The infantry of the Bhils with their traditional bow and arrows was under the leadership of Punja. The main commander of Mughals - Mansingh, was on an elephant in the centre.Pratap spurred his steed to a determined gallop towards Man Singh. He cut his way through to the Mughal general. Chetak collided with the elephant's plate armour. He reared up against the huge beast, his forelegs glancing off its tusks. Man Singh was partly obscured by his mahout, but Pratap heaved his lance at the howdah. The weapon passed through the driver's body, killing him instantly, and smashed against the howdah's metal plates.

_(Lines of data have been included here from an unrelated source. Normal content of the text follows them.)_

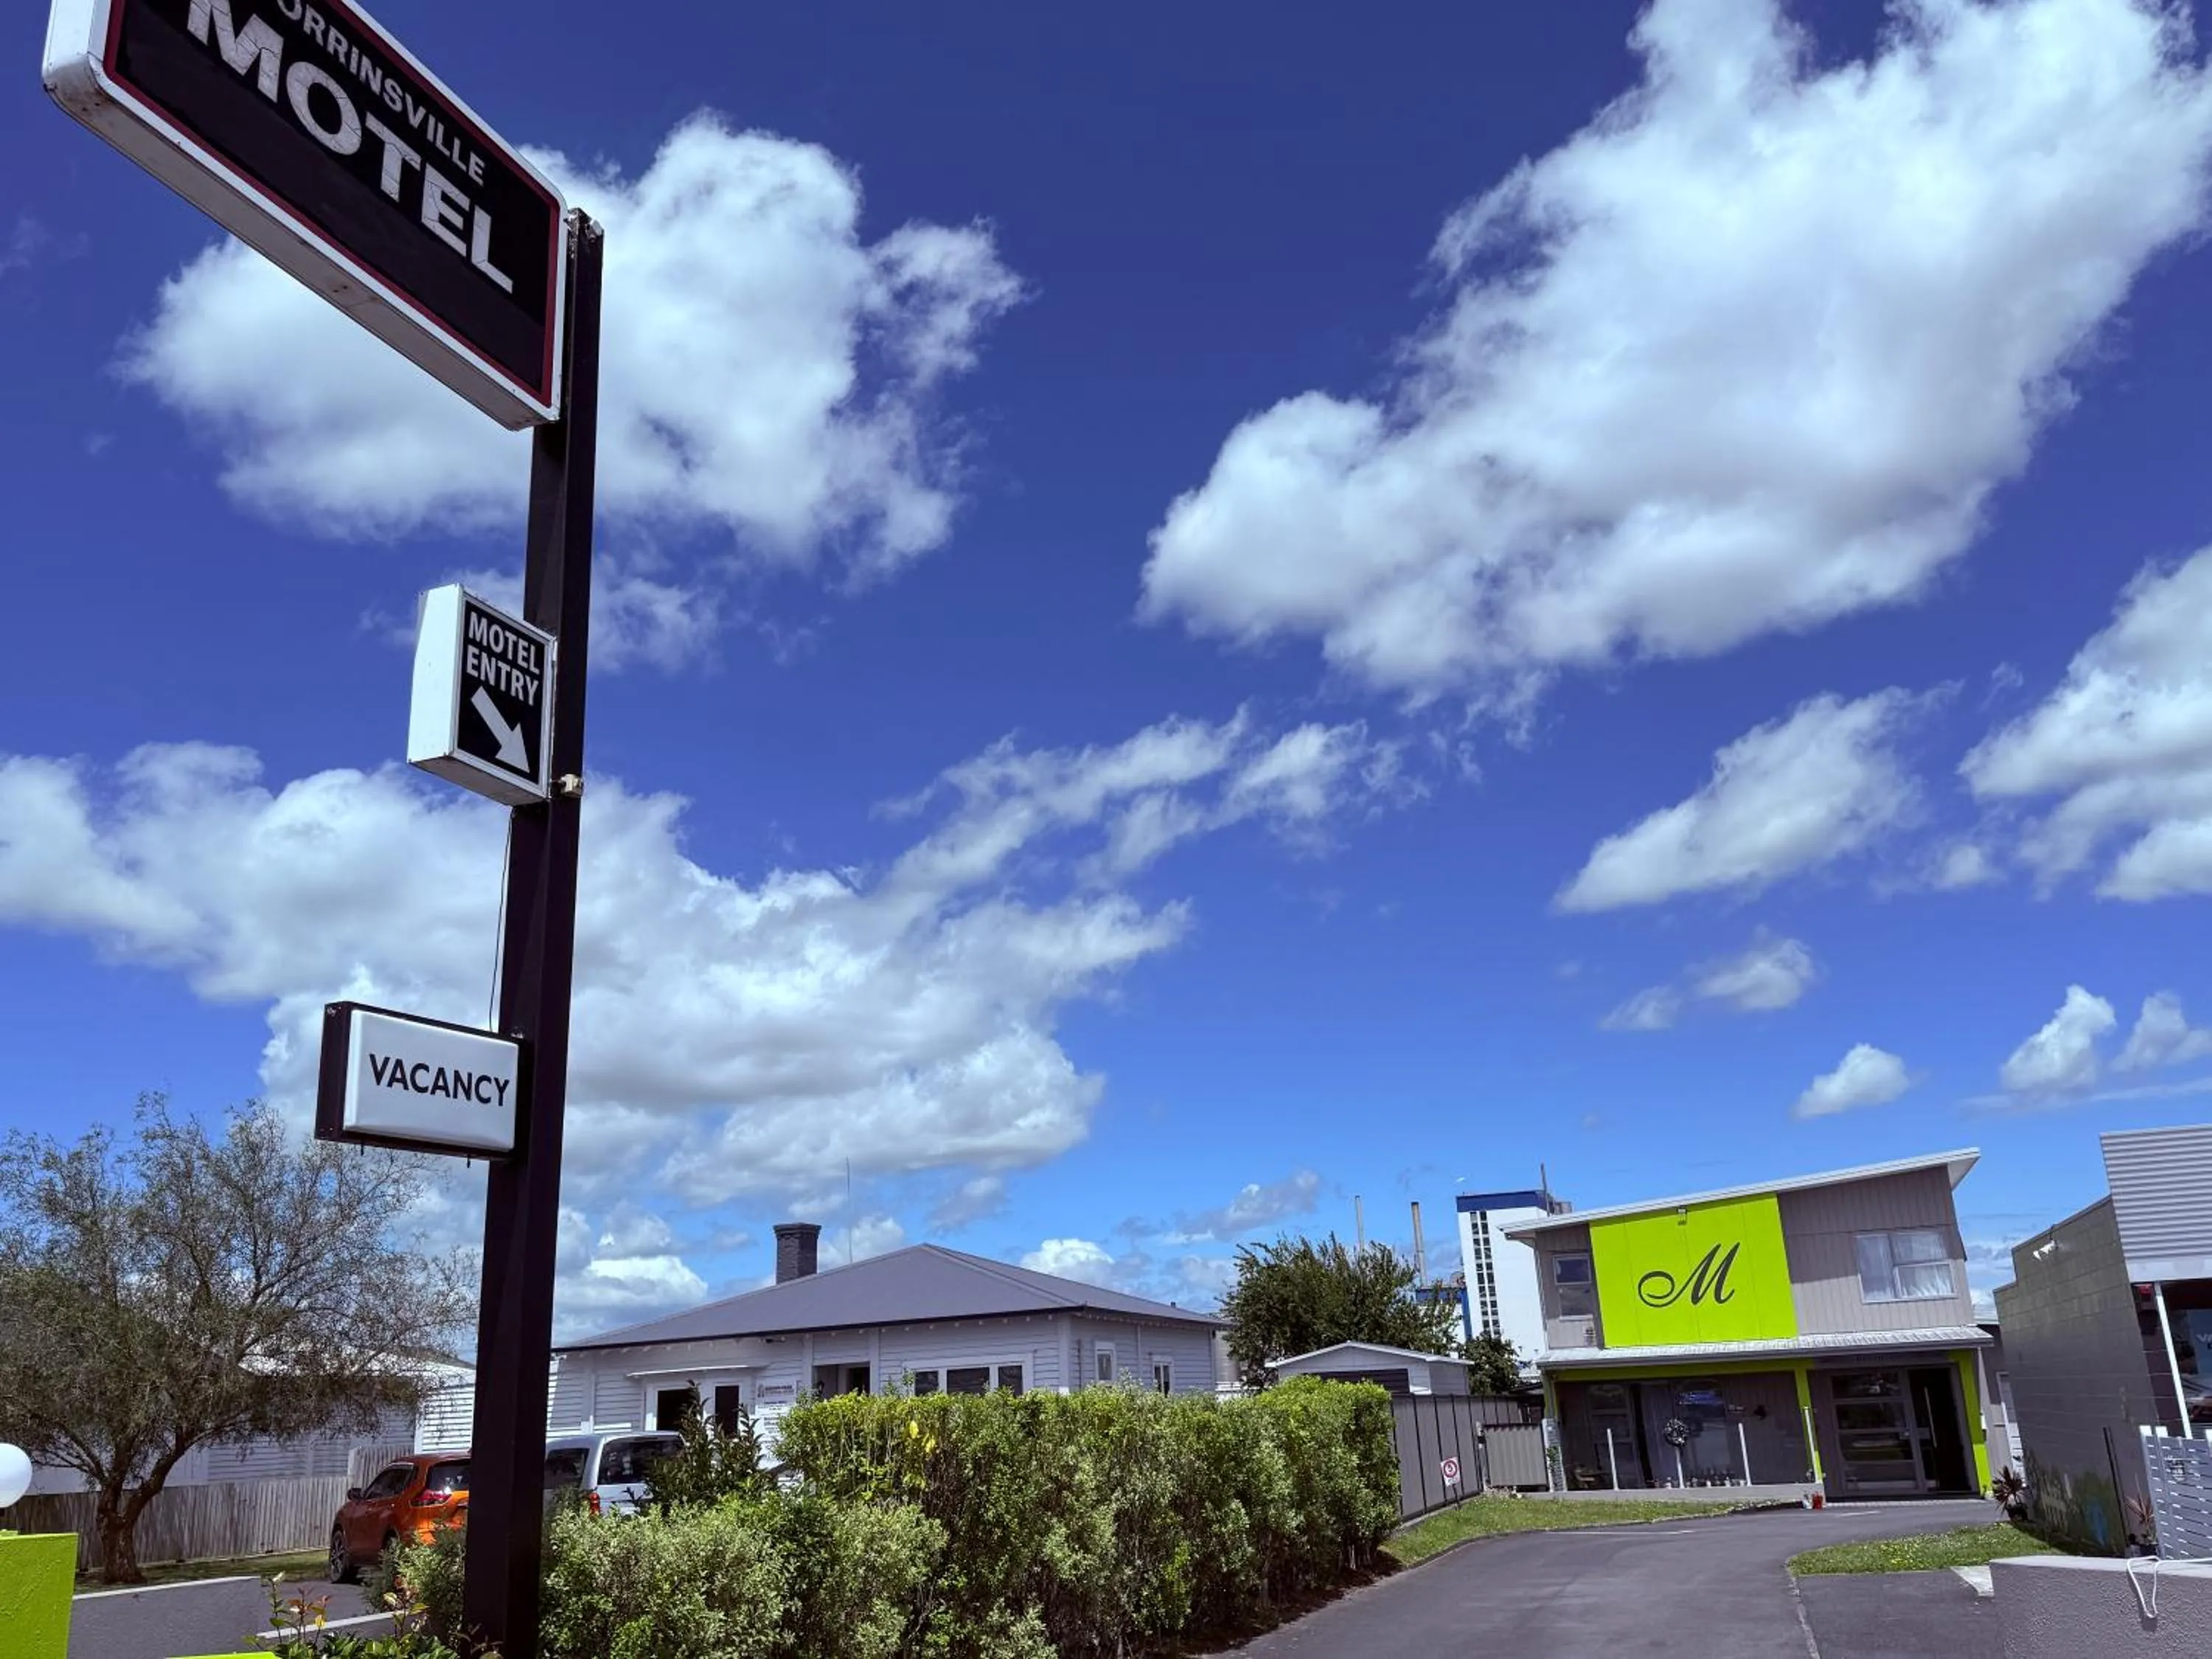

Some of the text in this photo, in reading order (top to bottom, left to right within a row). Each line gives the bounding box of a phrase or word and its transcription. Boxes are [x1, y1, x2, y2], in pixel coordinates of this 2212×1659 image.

[187, 0, 513, 294] MOTEL
[467, 644, 540, 706] ENTRY
[468, 611, 540, 675] MOTEL
[369, 1054, 510, 1107] VACANCY
[1638, 1242, 1741, 1308] M

Man Singh had disappeared. Thinking he had killed Man Singh, Pratap let out a triumphal cry of revenge. The uncontrolled elephant swung around in panic. The broadsword attached to its trunk slashed through the tendons of one of Chetak's hind legs. Unaware of this, Pratap wheeled Chetak to rejoin his men.
The horse now had the use of only three of his legs but, enveloped by the furore, he persisted valiantly. Imperial cavalry,who had rushed to guard their commander Mansingh, now surrounded Pratap. Chetak was limping and stumbling. Suddenly, a great commotion of kettledrums came from the rear of the Imperial ranks.The Rajputs saw the Mughal reserves making their entry and Man Singh followed closely at the head of battle-weary soldiers and horsemen.

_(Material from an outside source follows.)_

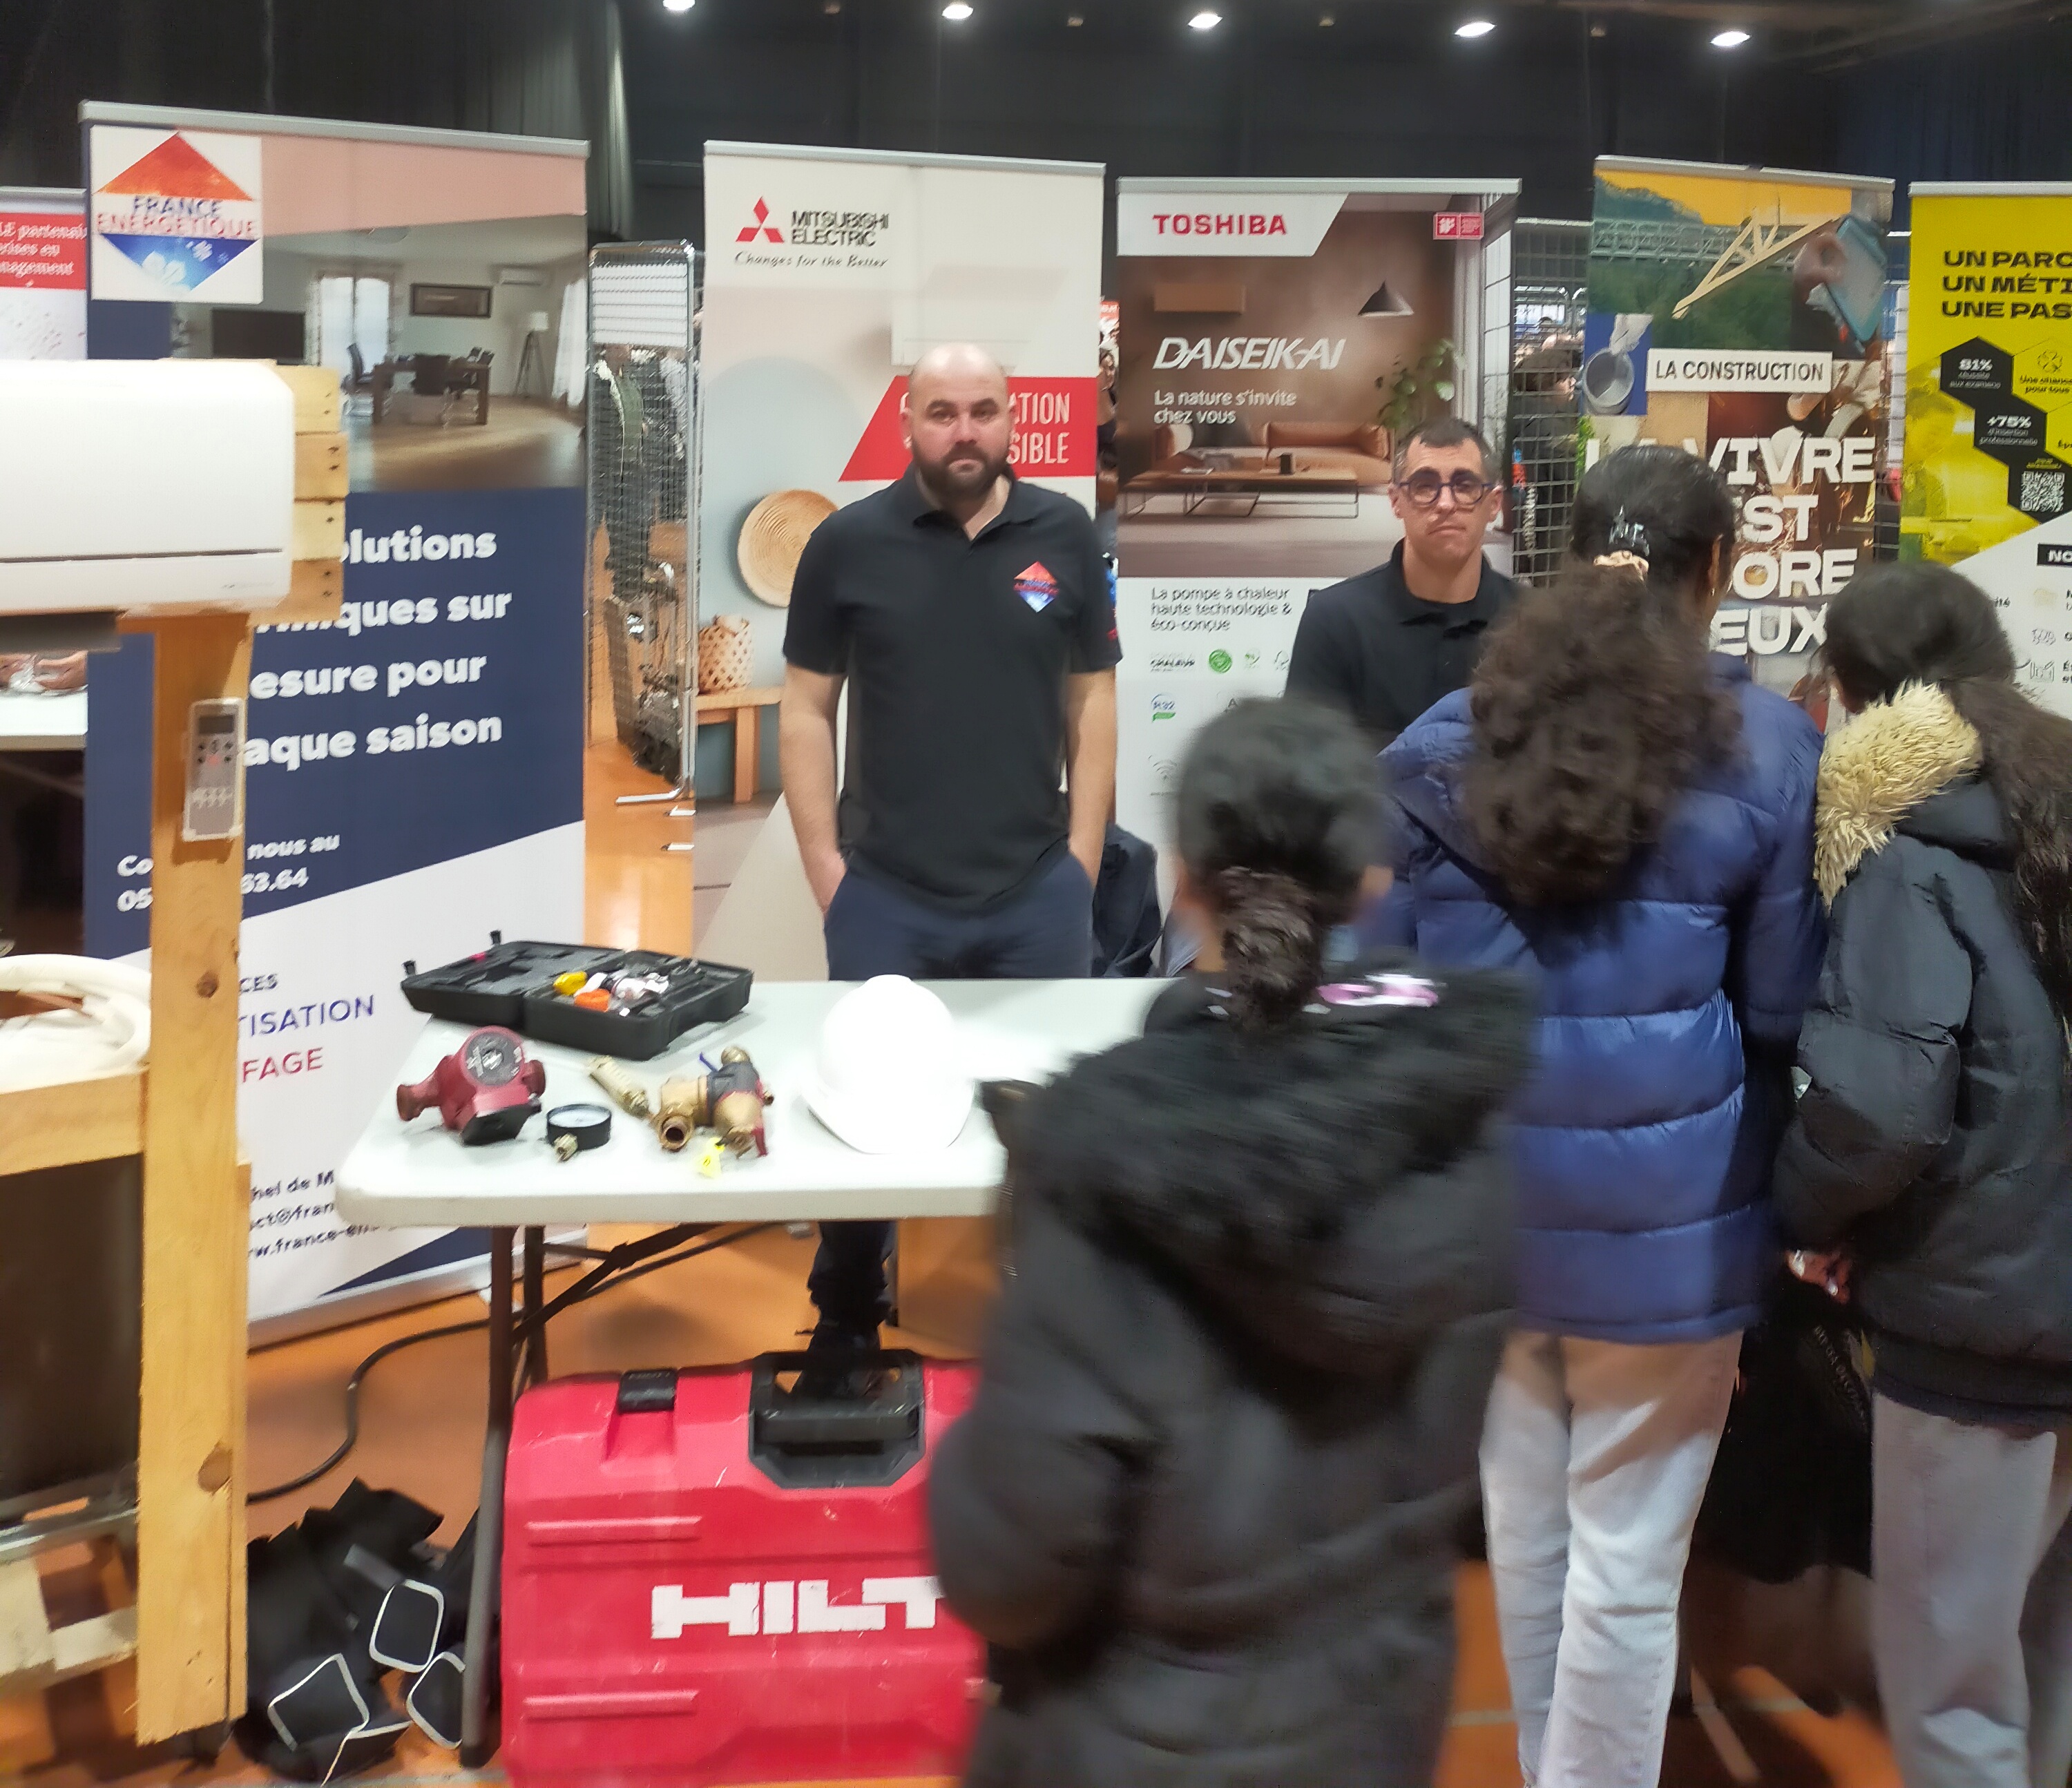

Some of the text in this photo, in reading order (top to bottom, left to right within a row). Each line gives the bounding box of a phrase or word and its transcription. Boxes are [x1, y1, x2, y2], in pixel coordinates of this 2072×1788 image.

Pratap's first impulse was to destroy the Rajput traitor, possibly meeting death in a blaze of glory. One of his officers, Jhala Man of Sadri, snatched the royal standard of Mewar from Pratap's hand, determined to fight a rear guard action until Pratap's army had reached the protection of the defile. "Ride swiftly to safety!" he yelled. Reluctantly but wisely, Pratap shouted an order to his remaining chiefs to take their men to the village of Koliyari, where arrangements had been made for treating the wounded.

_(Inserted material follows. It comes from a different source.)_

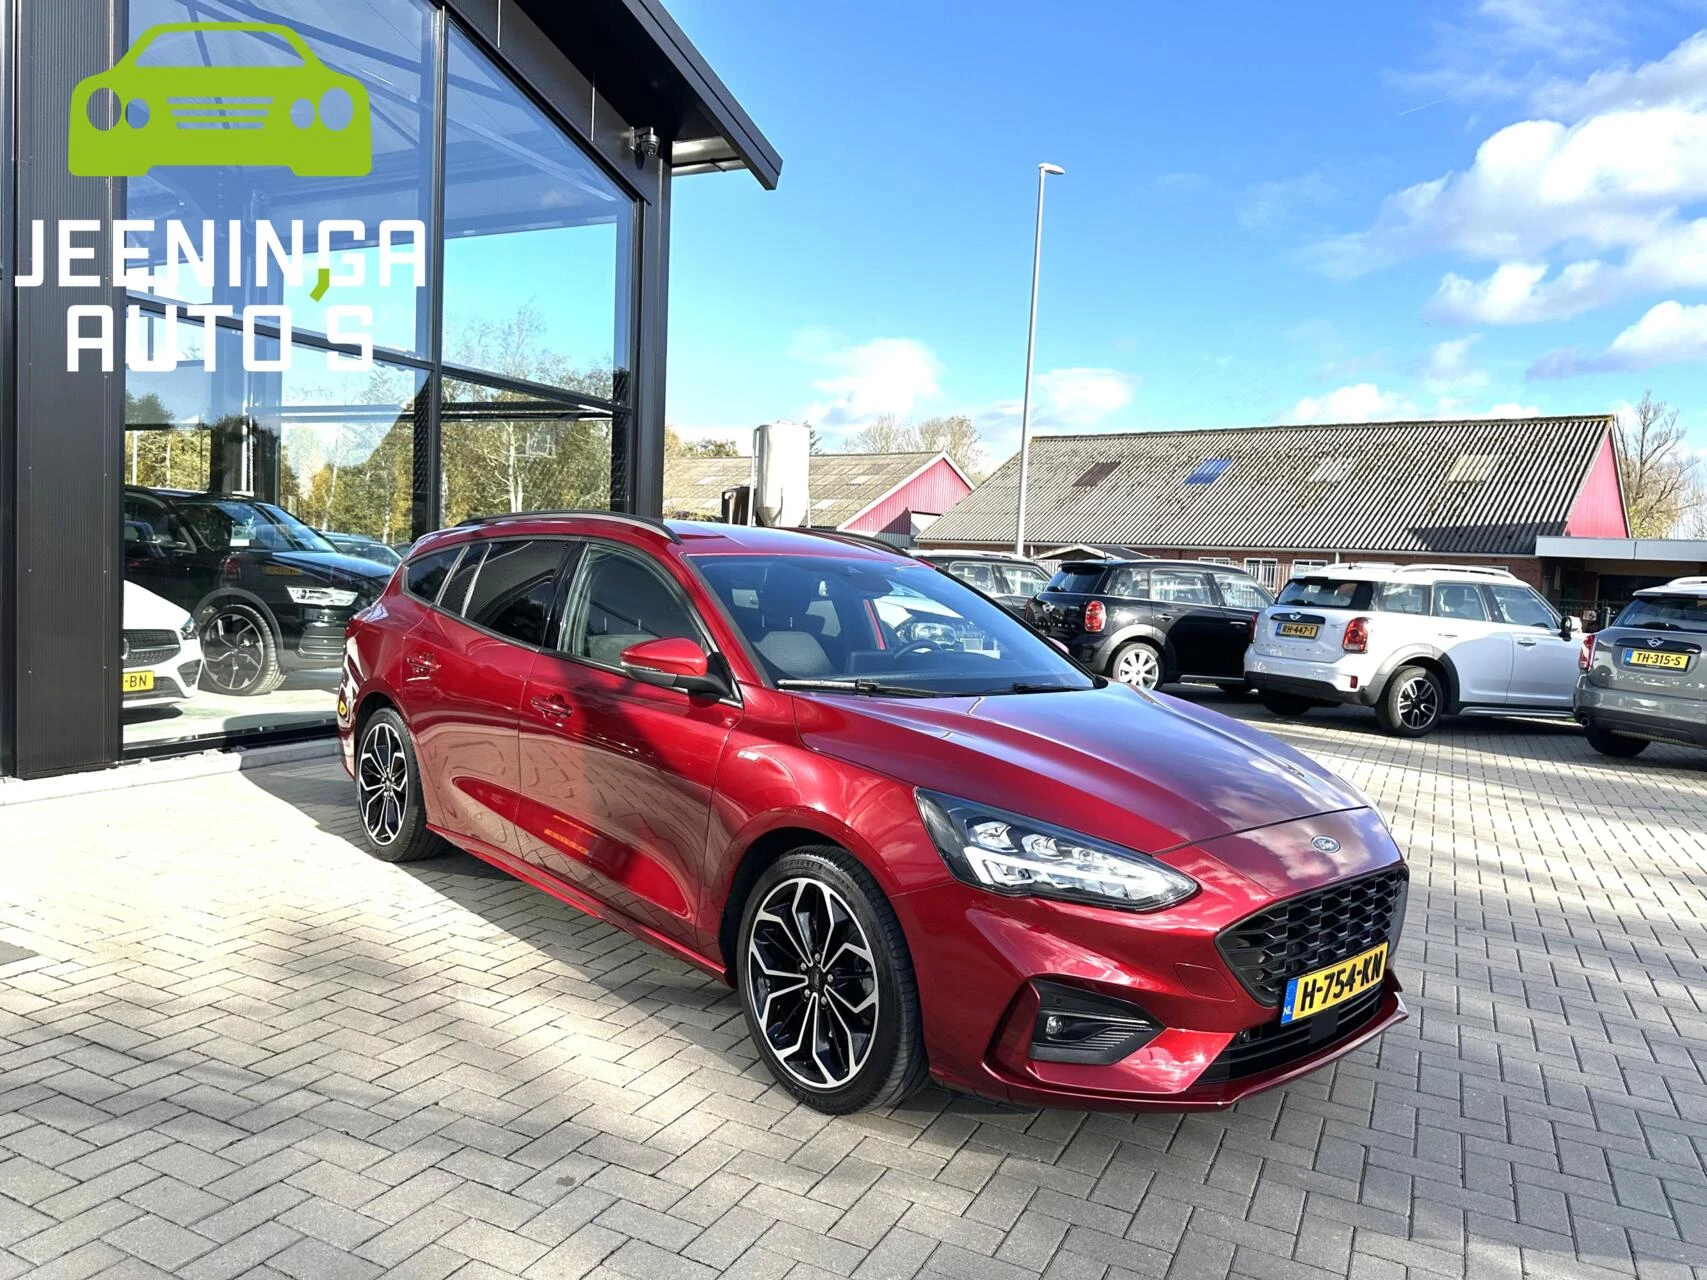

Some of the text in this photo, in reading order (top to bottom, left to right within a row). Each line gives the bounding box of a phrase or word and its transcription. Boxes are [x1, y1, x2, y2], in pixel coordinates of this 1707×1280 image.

[1281, 625, 1316, 636] RH-447-T
[1636, 652, 1682, 666] TH-315-S
[125, 674, 147, 688] -BN
[1282, 950, 1384, 1017] NL H-754-KN

Waving the Sun-God banner, Jhala rallied his men to meet the enemy's counter-attack, as the remainder of the Mewar army disappeared into the cover of the hills. Bringing up the rear, Pratap stopped upon an outcrop of rock. He turned to look back at the swirling dust haze that all but hid the horrendous spectacle of the battleground. Through it came the tumult of shots, the clashing swords, the cries of victory and death. For a few moments, he was able to follow the progress of his crimson banner. Then it, too, fell. They continued on. Chetak was now limping badly. Pratap, too, was now faint from loss of blood; he had sustained seven severe wounds from musket, sword and lance. Having carried his master to safety, Chetak died. Pratap joined the remainder of his men, recovered from his wounds, then continued his guerilla resistance.